WORK TASK: Nothing but the lines from the one containing "Some of the text" through the last line of the records below should be copied, exactly and without pictures.
□ □ □ □
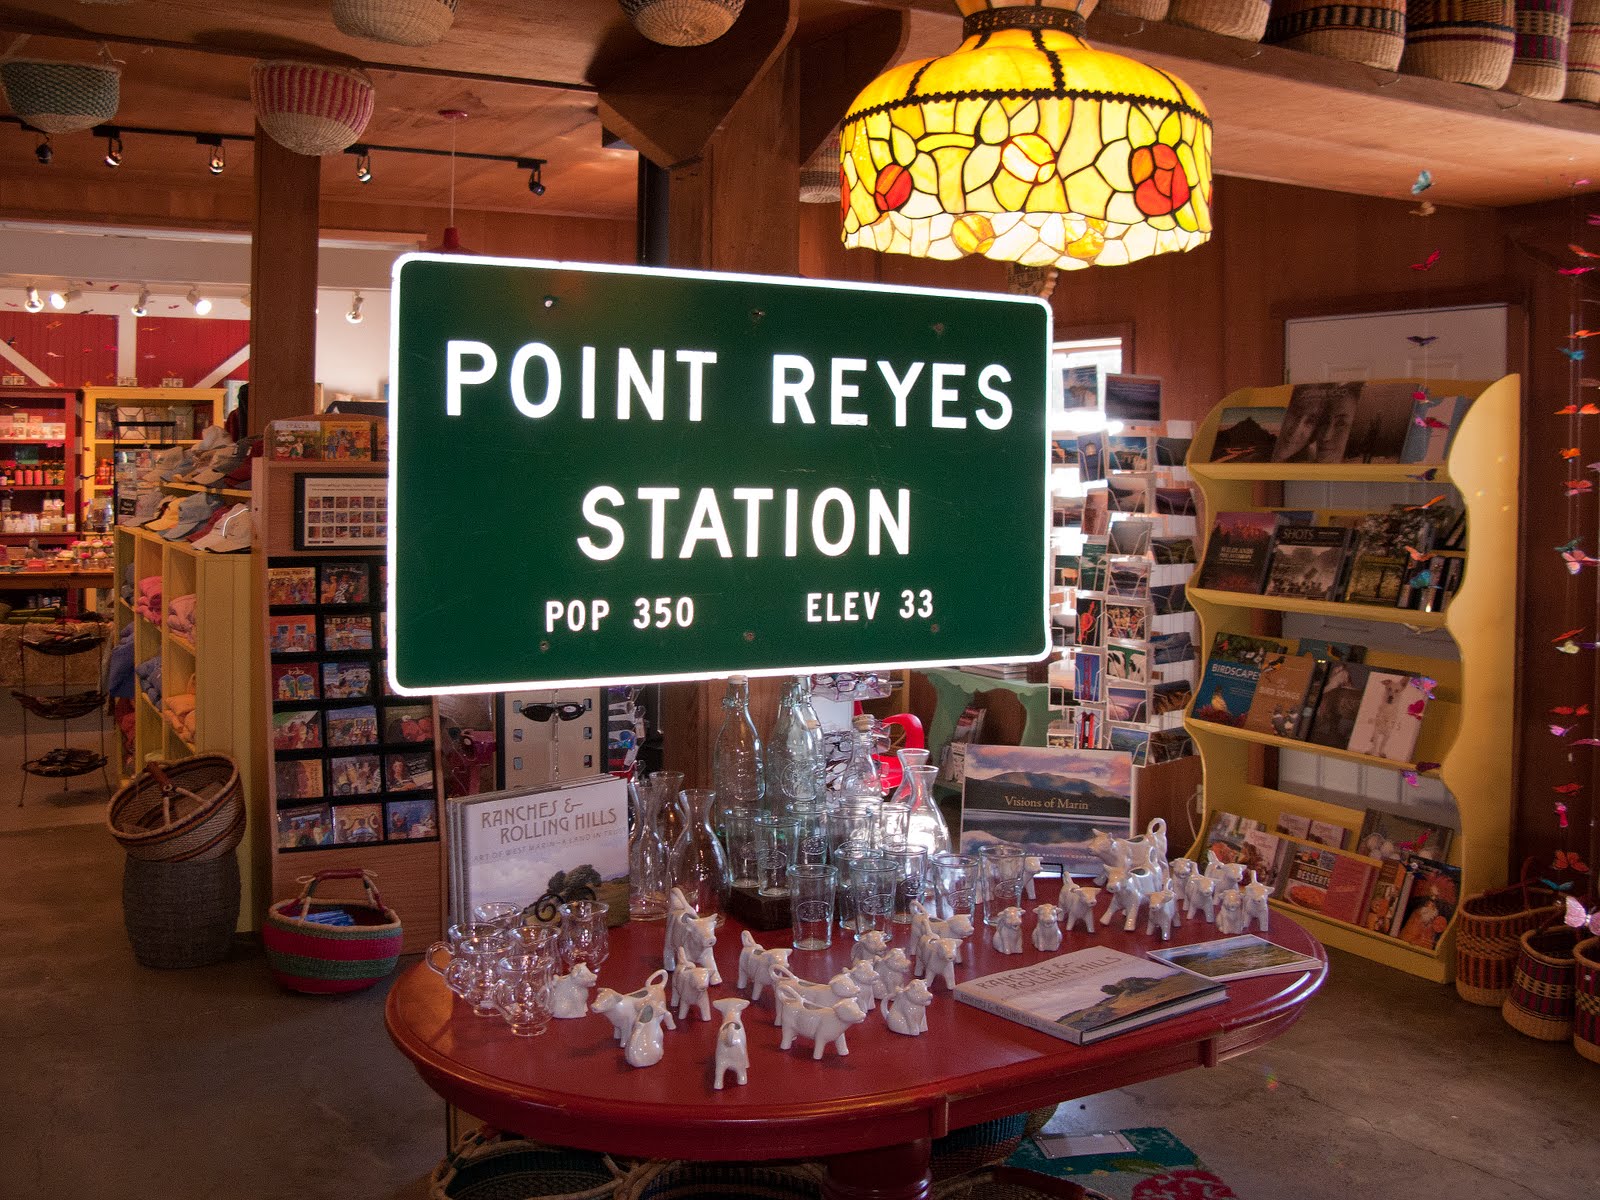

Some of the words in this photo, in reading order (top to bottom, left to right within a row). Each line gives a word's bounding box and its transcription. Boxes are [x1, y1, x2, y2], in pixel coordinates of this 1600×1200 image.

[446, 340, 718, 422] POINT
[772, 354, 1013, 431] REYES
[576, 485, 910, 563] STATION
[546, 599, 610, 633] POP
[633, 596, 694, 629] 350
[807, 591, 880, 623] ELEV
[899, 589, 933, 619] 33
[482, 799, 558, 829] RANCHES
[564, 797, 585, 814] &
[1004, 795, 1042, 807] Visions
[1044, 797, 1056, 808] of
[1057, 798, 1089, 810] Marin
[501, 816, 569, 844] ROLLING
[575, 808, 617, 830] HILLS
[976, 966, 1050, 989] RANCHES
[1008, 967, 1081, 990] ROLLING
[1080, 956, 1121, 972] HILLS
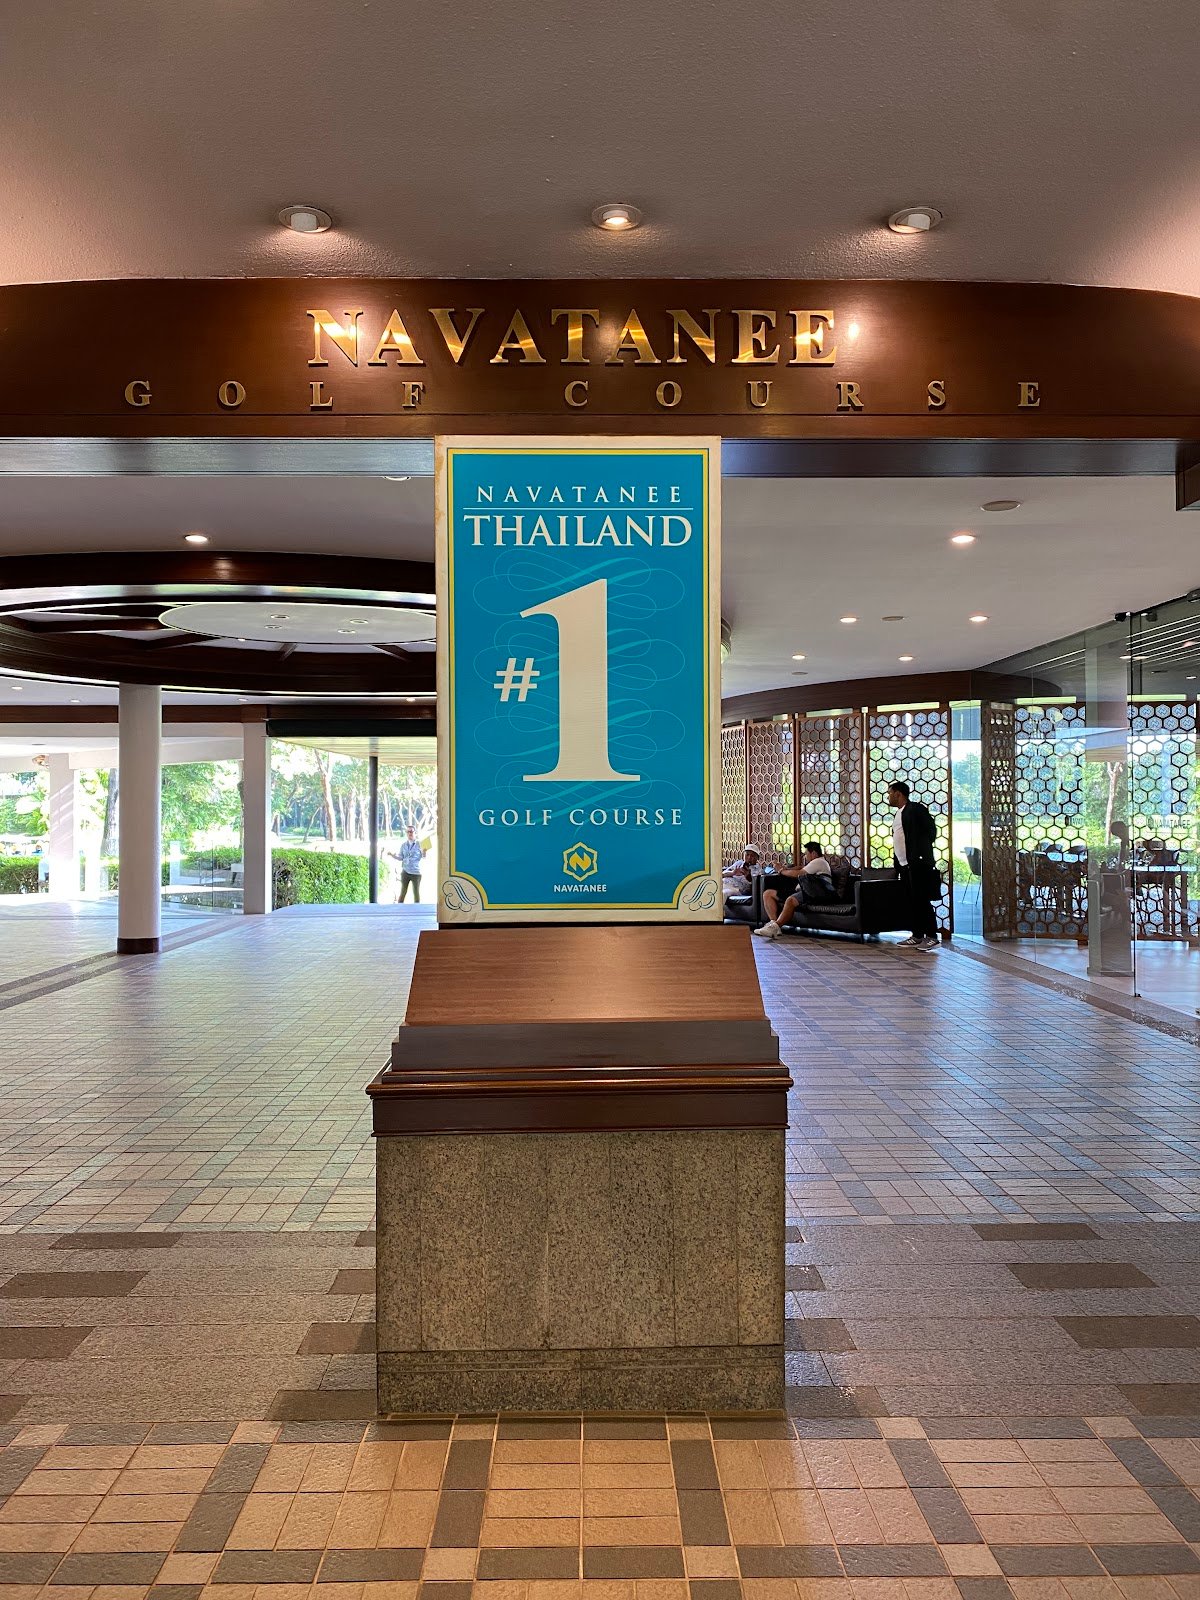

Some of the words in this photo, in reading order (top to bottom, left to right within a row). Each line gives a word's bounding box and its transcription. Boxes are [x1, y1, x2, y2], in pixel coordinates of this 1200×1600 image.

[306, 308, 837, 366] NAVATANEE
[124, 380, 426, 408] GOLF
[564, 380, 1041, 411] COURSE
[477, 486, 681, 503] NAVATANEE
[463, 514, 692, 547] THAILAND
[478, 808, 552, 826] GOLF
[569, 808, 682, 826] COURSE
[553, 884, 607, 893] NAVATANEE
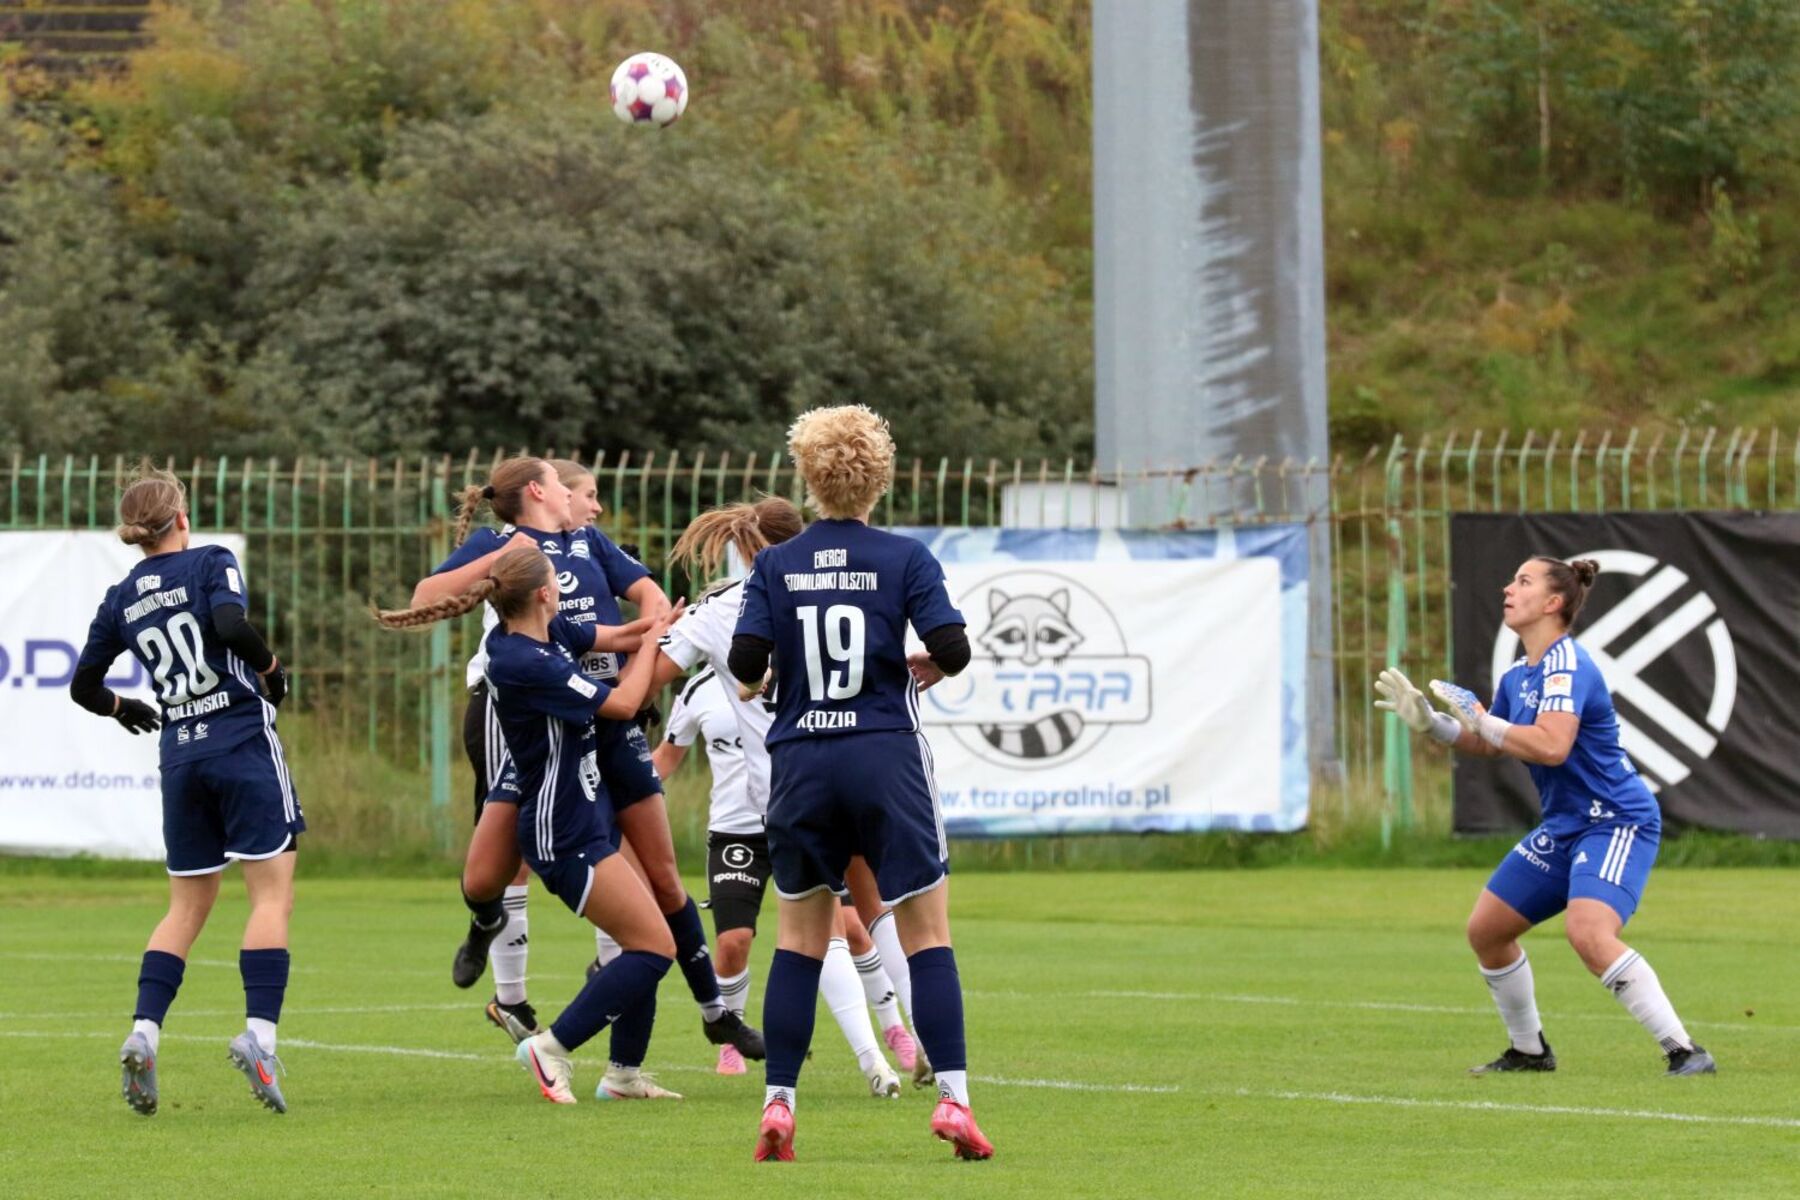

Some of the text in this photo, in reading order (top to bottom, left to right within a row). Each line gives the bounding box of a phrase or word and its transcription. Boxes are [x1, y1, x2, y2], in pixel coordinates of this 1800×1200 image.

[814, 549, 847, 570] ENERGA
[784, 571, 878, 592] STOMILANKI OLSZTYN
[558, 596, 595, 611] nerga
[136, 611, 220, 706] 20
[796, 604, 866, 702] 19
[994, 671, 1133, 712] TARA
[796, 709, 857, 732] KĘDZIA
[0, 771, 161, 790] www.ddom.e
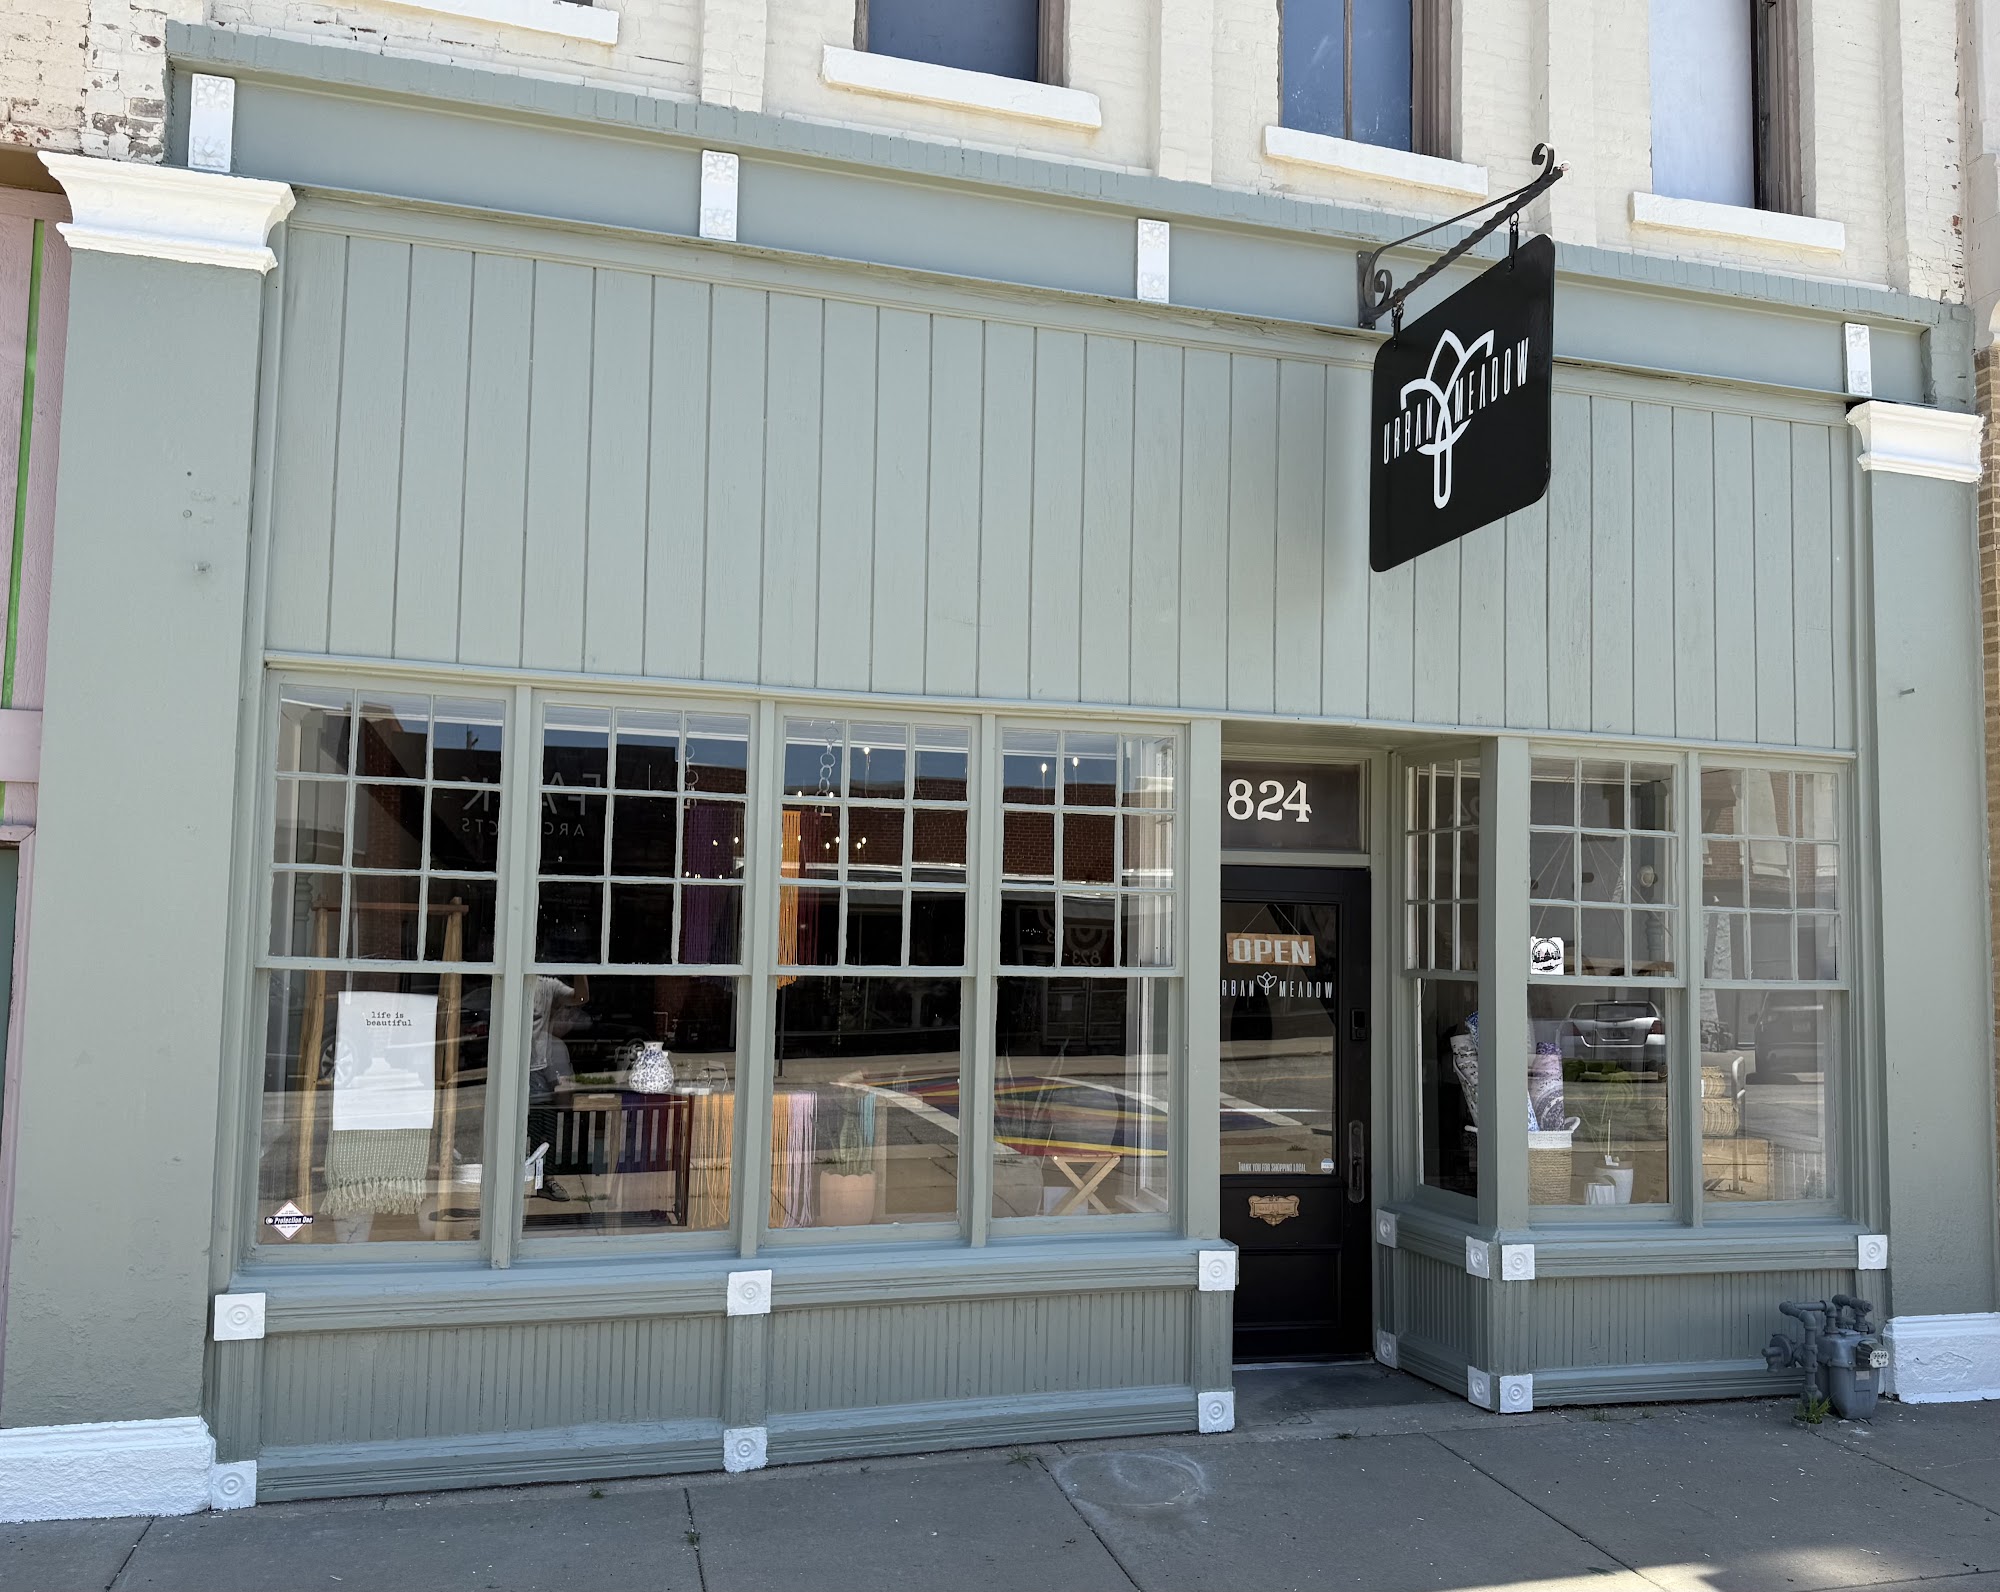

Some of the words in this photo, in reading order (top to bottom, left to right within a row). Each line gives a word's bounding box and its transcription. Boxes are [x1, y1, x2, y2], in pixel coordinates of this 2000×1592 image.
□ □ □ □
YOUR RESPONSE:
Some of the text in this photo, in reading order (top to bottom, left to right within a row). Each line gives the bounding box of a phrase or word and its transcription. Boxes are [x1, y1, x2, y2], in pixel coordinates of this 1800×1200 image.

[814, 549, 847, 570] ENERGA
[784, 571, 878, 592] STOMILANKI OLSZTYN
[558, 596, 595, 611] nerga
[136, 611, 220, 706] 20
[796, 604, 866, 702] 19
[994, 671, 1133, 712] TARA
[796, 709, 857, 732] KĘDZIA
[0, 771, 161, 790] www.ddom.e

Some of the words in this photo, in reading order (top to bottom, left to right within a row). Each line gives a word's bounding box and its transcription. Boxes are [x1, y1, x2, y2], in pixel coordinates of this 2000×1592 image.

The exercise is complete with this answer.